Manifestazione per il clima a Washington (Ansa)
Manifestazione per il clima a Washington (Ansa)

Roma, 29 ottobre 2021 - I leader del G20 potrebbero riconfemare l'impegno ad agire, nel solco degli impegni presi a Parigi nel 2015,  per cercare di limitare i cambiamenti climatici entro 1 grado e mezzo rispetto all'epoca preindustriale. In vista della COP26 che si apre domenica a Glasgow, non sarebbe un passo da poco e riaprirebbe la possibilità - oggi le chance sono ridotte al lumicino -  di ottenere un miglioramento sostanziale degli impegni di mitigazione, cioè di taglio delle emissioni di gas serra.  "I cambiamenti climatici rappresentano una sfida esistenziale" per la quale i leader mondiali si impegnano ad adottare provvedimenti urgenti con l'obiettivo di limitare il riscaldamento globale a 1,5° C si legge nella bozza del comunicato del G20 sul clima, ancora in fase di negoziato e suscettibile di modifica.

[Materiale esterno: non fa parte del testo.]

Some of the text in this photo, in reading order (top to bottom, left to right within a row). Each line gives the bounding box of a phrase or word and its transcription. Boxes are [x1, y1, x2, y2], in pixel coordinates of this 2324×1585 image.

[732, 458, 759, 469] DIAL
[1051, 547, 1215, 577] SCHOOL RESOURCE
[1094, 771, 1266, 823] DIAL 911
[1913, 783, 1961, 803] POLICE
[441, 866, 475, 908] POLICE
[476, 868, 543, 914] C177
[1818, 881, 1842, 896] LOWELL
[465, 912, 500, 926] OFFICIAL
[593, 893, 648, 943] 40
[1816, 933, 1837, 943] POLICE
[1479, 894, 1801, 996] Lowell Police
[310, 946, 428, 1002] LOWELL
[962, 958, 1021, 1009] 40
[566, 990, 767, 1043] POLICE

"Rispondendo all'appello della comunità scientifica, prendendo atto dei rapporti allarmanti dell'Intergovernmental Panel on Climate Change (Ipcc) e consapevoli del nostro ruolo di leadership, ci impegniamo ad affrontare la sfida esistenziale del cambiamento climatico", si legge nella bozza, in cui i leader riconoscono che "le conseguenze del cambiamento climatico a 1,5 gradi sono molto inferiori rispetto a 2 gradi", previsti dall'Accordo di Parigi del 2015, e che quindi "devono essere avviate azioni immediate per mantenere l'obiettivo di 1,5 gradi a portata di mano". "Riconosciamo l'importanza cruciale del raggiungimento di zero emissioni nette globali di gas serra o della neutralità carbonica entro il 2050", si legge nella bozza, dove la data 2050 però appare tra parentesi dato che la Cina si pone l'obiettivo al 2060 e altri paesi come l'India di Modi e  il Brasile di Bolsonaro sono anche meno propensi a fissare scadenze rigide. 

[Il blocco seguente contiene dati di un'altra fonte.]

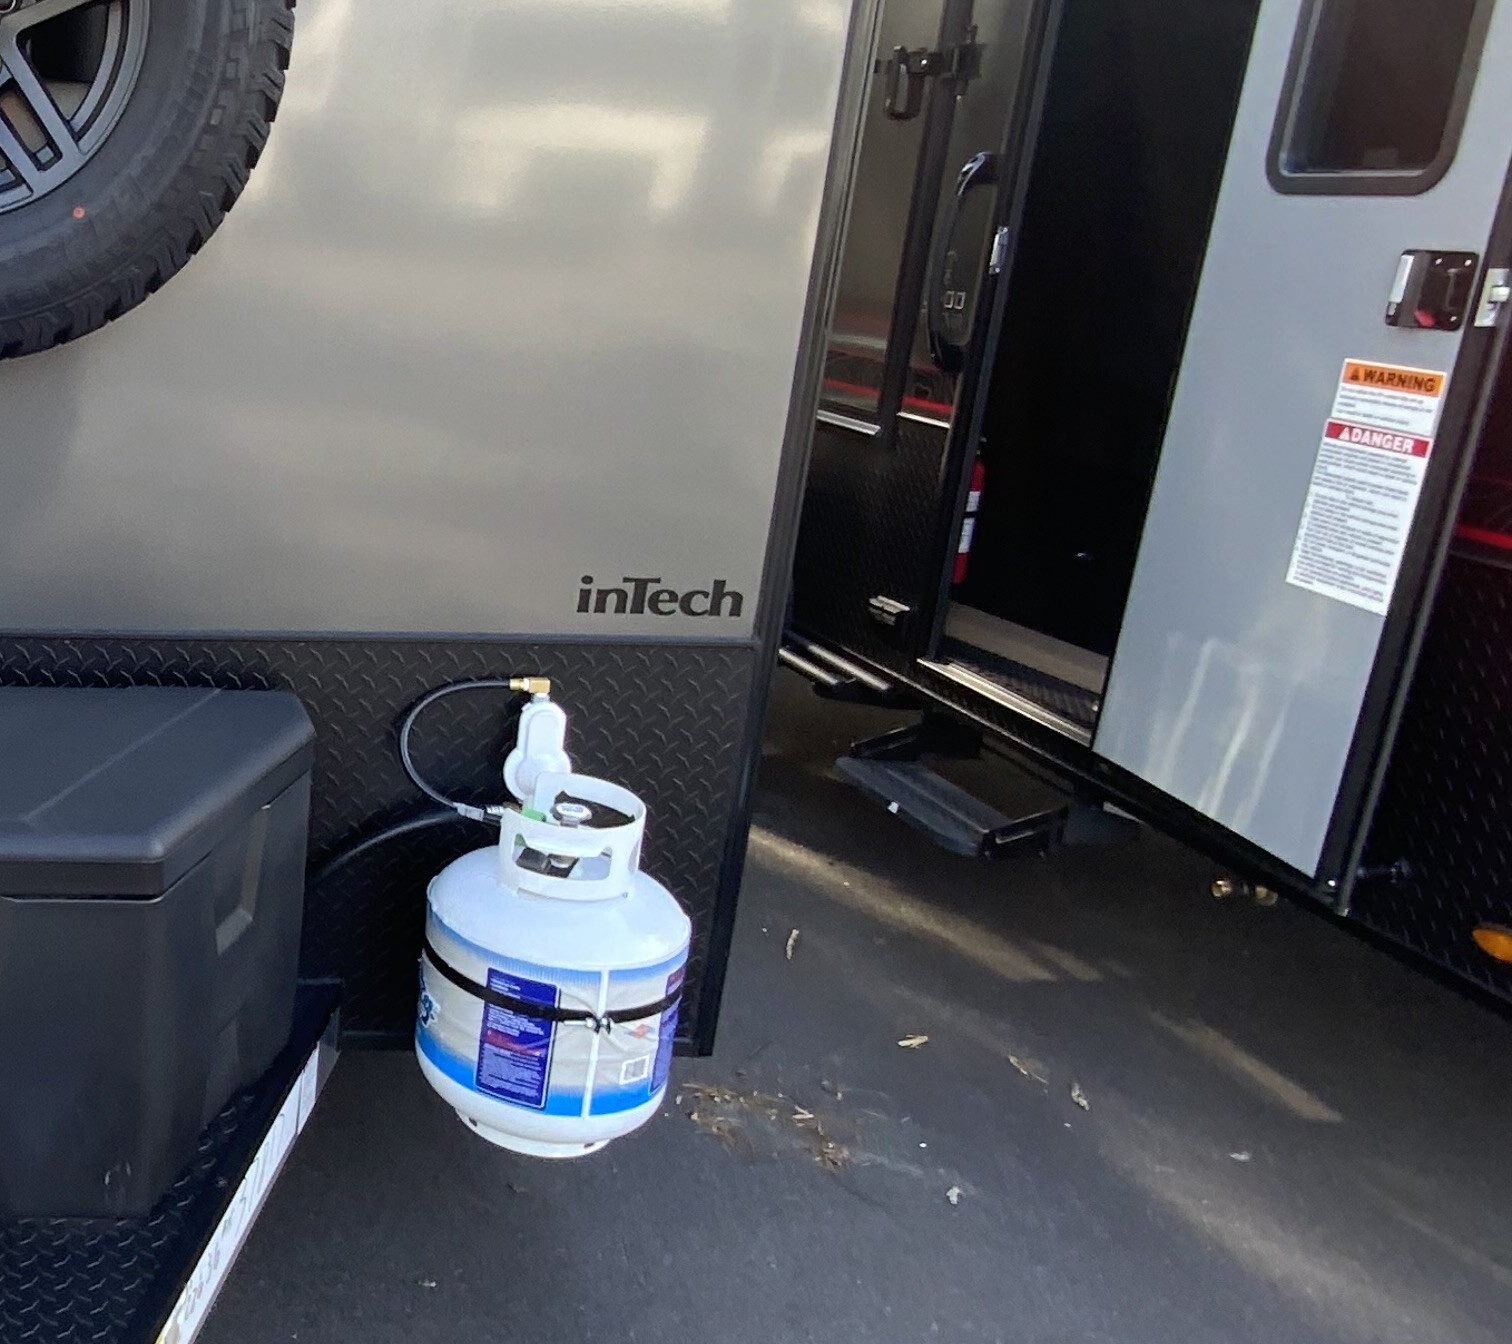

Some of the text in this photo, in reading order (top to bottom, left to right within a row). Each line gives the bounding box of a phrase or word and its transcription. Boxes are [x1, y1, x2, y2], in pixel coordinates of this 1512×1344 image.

Il G20 rappresenta circa l'80% delle emissioni globali di gas serra. I leader riaffermano il loro impegno alla "eliminazione e razionalizzazione dei sussidi alle fonti fossili entro il 2025" e affermano che "faranno del loro meglio" - formula pericolosamente generica -  per evitare di costruire nuove centrali a carbone senza abbattimento delle emissioni, aggiungendo la frase "tenendo conto delle circostanze nazionali", usata solitamente per non assumere impegni stringenti nei paesi che non vogliono assumerli e consentire così di raggiungere un consenso altrimenti non ottenibile. I leader del G20 - particolare questo importante se fosse confermato - dichiarano quindi di voler mettere fine entro quest'anno ai finanziamenti per la costruzione di centrali a carbone all'estero, per arrivare a un sistema energetico "ampiamente decarbonizzato" nel corso del 2030. E si impegnano - altro punto rilevante sul quale sta facendo pressione l'Italia -  a ridurre "in modo sostanziale" le emissioni di metano entro il 2030, ma anche questa scadenza è tra parentesi.

Infine, i leaer del G20 rimarcano l'importanza di rispettare l'impegno a finanziare la transizione ecologica dei paesi più poveri: "Sottolineiamo l'importanza di tenere fede all'impegno congiunto dei paesi sviluppati di mobilitare 100 miliardi di dollari l'anno da fonti pubbliche e private fino al 2025 per soddisfare le esigenze dei paesi in via di sviluppo, nell'ambito di iniziative di mitigazione e di trasparenza sull'attuazione". Un impegno preso nel lontano 2009 e sinora largamente inattuato. L'obiettivo della Cop 26 sarebbe quello di ottenere i fondi dal 2023.